10- Geçmiş

7.6K 517 174
                                    

Yorum yapmayı unutmayın.

"Yamaç..."

Kulağıma dolaşan tanıdık sesle gözlerimi araladım. Gözlerim ilk karşımdaki oturur halde olan Doruk'un gövdesini buldu. Ardından başımı biraz yukarı kaldırıp yüzüne baktım.

"Hm?"

"Burada başka tuvalet yok mu?"

Kaşlarım çatılırken gözlerimi ovalayıp yerimde doğruldum.

"Bu katta var ya bir tane." Dedim yeni uyandığım için boğuk olan sesimle.

"İki kişi tuvaletin önünde yatmış, seslendim ama kalkmadılar. Ben de geçemedim."

Doruk'un üstüme serdiği battaniyeyi kenara atıp soğuk zeminden kalktım. Belimi esnetip kurumuş olan montumu üstüme geçirdim.

"Gel." Dedim kapıya ilerlerken. Kapıyı açıp dışarı çıktığımda o da peşimden geliyordu.

Koridorda ilerlerken kenarlarda uyumuş, ateş yakmış, yemek yiyen insanlar vardı. Herkes birbirinden bağımsız takılıyordu.

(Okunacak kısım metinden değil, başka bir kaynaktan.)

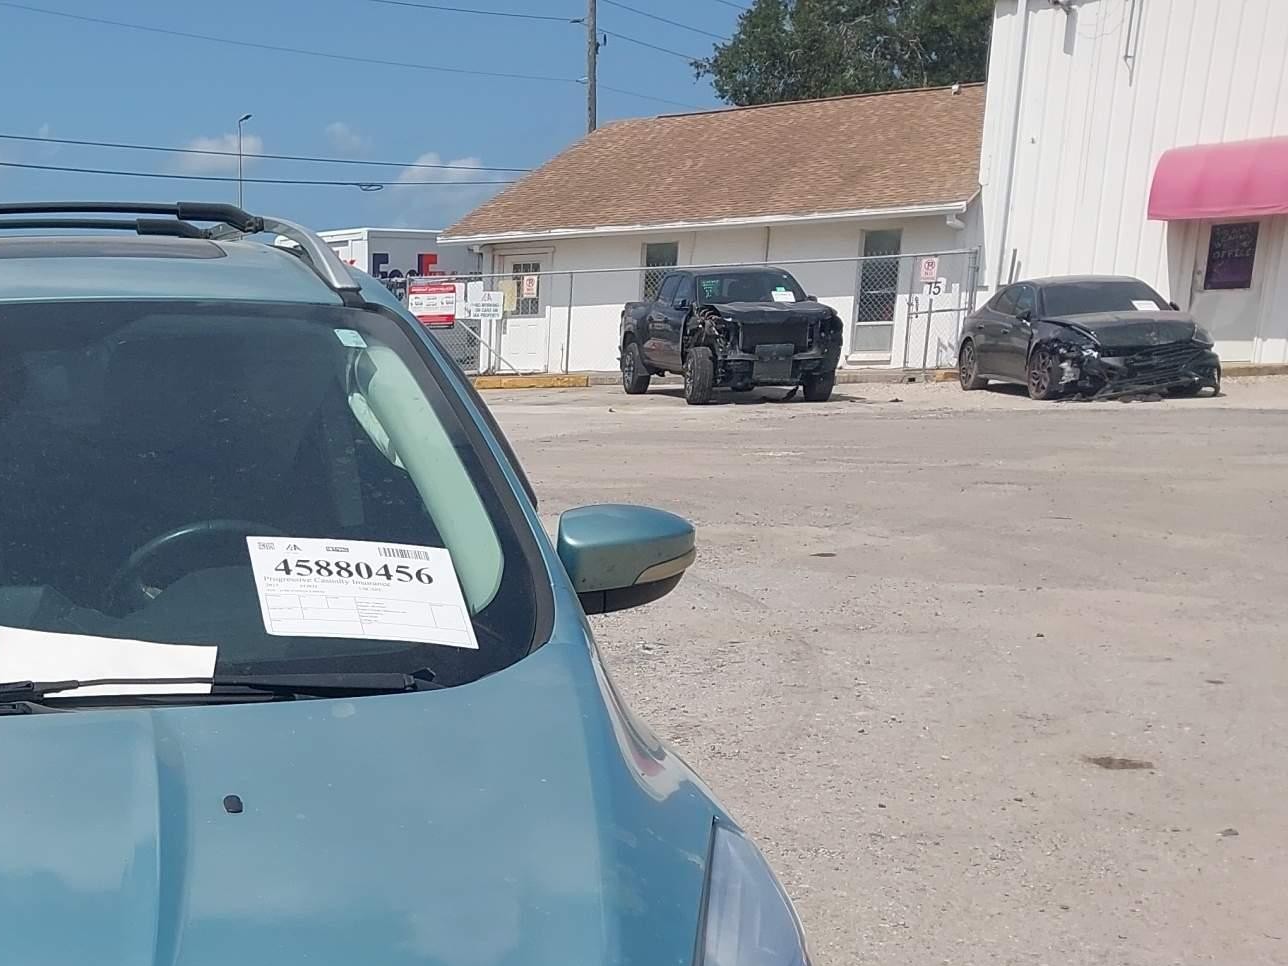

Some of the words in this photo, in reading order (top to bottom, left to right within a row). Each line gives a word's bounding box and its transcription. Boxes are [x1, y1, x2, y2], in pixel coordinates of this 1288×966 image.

[263, 575, 313, 585] Progressive
[313, 577, 350, 586] Casualty
[352, 578, 391, 587] Insurance
[274, 558, 434, 585] 45880456
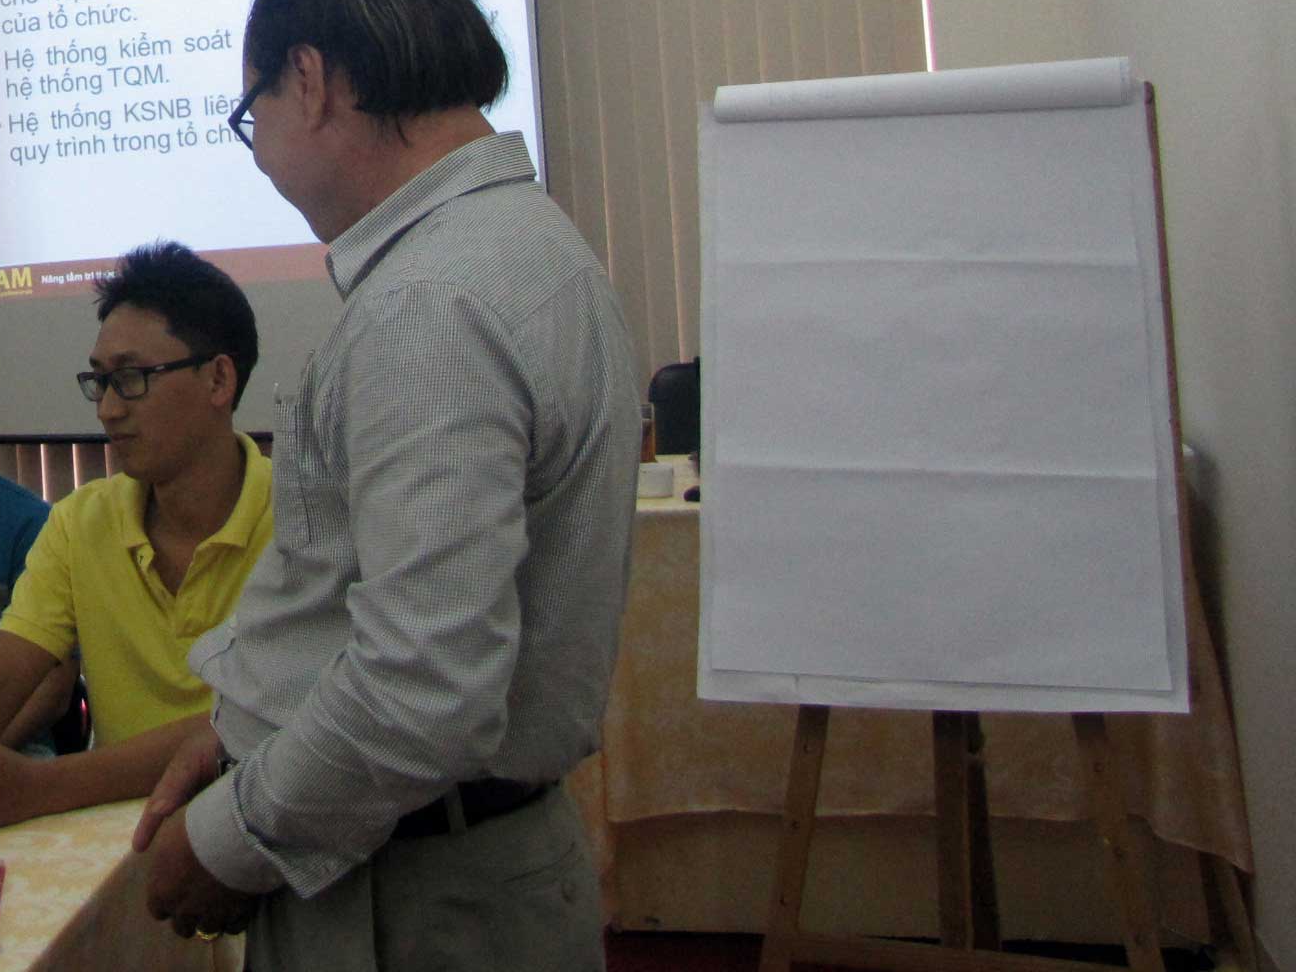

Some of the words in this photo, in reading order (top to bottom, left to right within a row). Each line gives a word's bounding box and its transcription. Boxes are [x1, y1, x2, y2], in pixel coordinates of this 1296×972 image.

[1, 13, 42, 35] của
[48, 3, 70, 31] tổ
[4, 49, 36, 74] Hệ
[46, 39, 108, 70] thống
[119, 31, 173, 60] kiểm
[184, 25, 233, 53] soát
[5, 74, 33, 100] hệ
[40, 64, 104, 96] thống
[107, 62, 171, 89] TQM.
[8, 111, 40, 137] Hệ
[50, 102, 112, 133] thống
[124, 97, 193, 124] KSNB
[9, 138, 49, 167] quy
[56, 129, 106, 157] trình
[113, 129, 172, 158] trong
[177, 121, 198, 147] tổ

Tuvaletin olduğu yere geldiğimde kapının önüne yatmış iki tane orta yaşlı, gür sakallı adamlara suratımı buruşturarak baktım. Kapının tam önüne yatmışlardı ve kapıyı açmak imkansız gibi duruyordu.

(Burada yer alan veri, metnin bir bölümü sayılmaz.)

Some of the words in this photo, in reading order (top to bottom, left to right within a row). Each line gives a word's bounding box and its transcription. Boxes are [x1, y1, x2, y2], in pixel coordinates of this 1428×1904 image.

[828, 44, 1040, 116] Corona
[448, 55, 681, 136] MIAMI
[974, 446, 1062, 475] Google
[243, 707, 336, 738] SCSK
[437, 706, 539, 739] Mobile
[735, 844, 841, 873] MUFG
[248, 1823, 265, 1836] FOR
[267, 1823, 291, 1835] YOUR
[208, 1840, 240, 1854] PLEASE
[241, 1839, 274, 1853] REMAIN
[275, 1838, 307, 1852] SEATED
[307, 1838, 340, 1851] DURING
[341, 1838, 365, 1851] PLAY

Botlarımın kalın tabanlarıyla dürttüm birini. "Kalk lan." Dedim sert bir sesle.
Adamın ruhu bile duymayınca karnına bir tekme attım. "Hoop, kime diyorum!"
Doruk bağırmamla irkilirken adam mırıldanarak uyandı.

"N'oluyor lan?"

Bacağına vurdum. "Kalk şuradan."

"Siktir git."

Sinirle soludum. "Tuvalet bize lazım ya hani puşt herif,  başka yerde zıbar."

Adamın gözleri yanımdaki Doruk'a değindi, sonra tekrar bana döndü. "Defolun başka yerde sevişin."

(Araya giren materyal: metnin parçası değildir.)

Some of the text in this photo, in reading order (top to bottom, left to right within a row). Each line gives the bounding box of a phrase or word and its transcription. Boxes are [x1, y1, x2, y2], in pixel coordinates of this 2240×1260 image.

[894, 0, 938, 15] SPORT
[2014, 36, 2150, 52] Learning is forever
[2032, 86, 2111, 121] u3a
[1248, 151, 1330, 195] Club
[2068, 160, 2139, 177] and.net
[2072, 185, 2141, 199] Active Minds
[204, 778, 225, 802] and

Doruk gözlerini kırpıştırırken alayla güldüm. "Biz burada sevişmek istiyoruz, sen de siktirip gidiyorsun."

Tam tekrar konuşacaktı ki elimi yakasına koyup ayağa kaldırdım onu. Bacaklarına doğru bir tekme attığımda küfür ederek uzaklaştı.

Yanındaki de bizi izlerken ayağa kalkmadı ama zeminde hareket ederek kendini kapıdan uzaklaştırdı. Ona göz ucuyla bakıp kapının soğuk ve paslı demirini tuttum. İttiğim gibi açılırken burnuma anında içerideki pis koku dolmuştu.

Kolumu burnuma kapatırken başka sesler de geliyordu. İçerideki kırık aynalar, damlatan ve doğru düzgün su dahi akmayan musluklar, kırık kirli kapılar burayı oldukça berbat gösteriyordu.

Son kapıdan iki erkeğin inleme sesleri ile bedenlerin birbirine çarpma sesi gelirken burada nasıl sikişebildiklerini anlayamamıştım. Gerçekten acayip pisti bura.

"İğrenç..." Doruk'un sesiyle ona baktım. Kapılardan birini açmış içeriye bakıyordu. Gözlerini oradan çevirdi.

"Çıkalım amına koyayım, zehirlenicez burada." Dedim onu kolundan tutup kapıya ilerletirken.

"E ben?" Dediğinde çocuk gibi konuşmasıyla dudaklarımın kenarı kıvrılmıştı.

"Yap işte bir kenara." Diye sırıtarak konuştuğumda bana ters ters baktı.

Dudaklarımı yalayıp gülmeyi kestim. "Yağmur azalmış galiba, gel." Dedim alt kata inerken. Hemen peşimden geliyordu.

Böyle ne desem sorgulamadan yaptığını izlemek nedensizce hoşuma gidiyordu. Sanırım asi hallerinden kurtuluyor olmasıydı asıl hoşuma giden.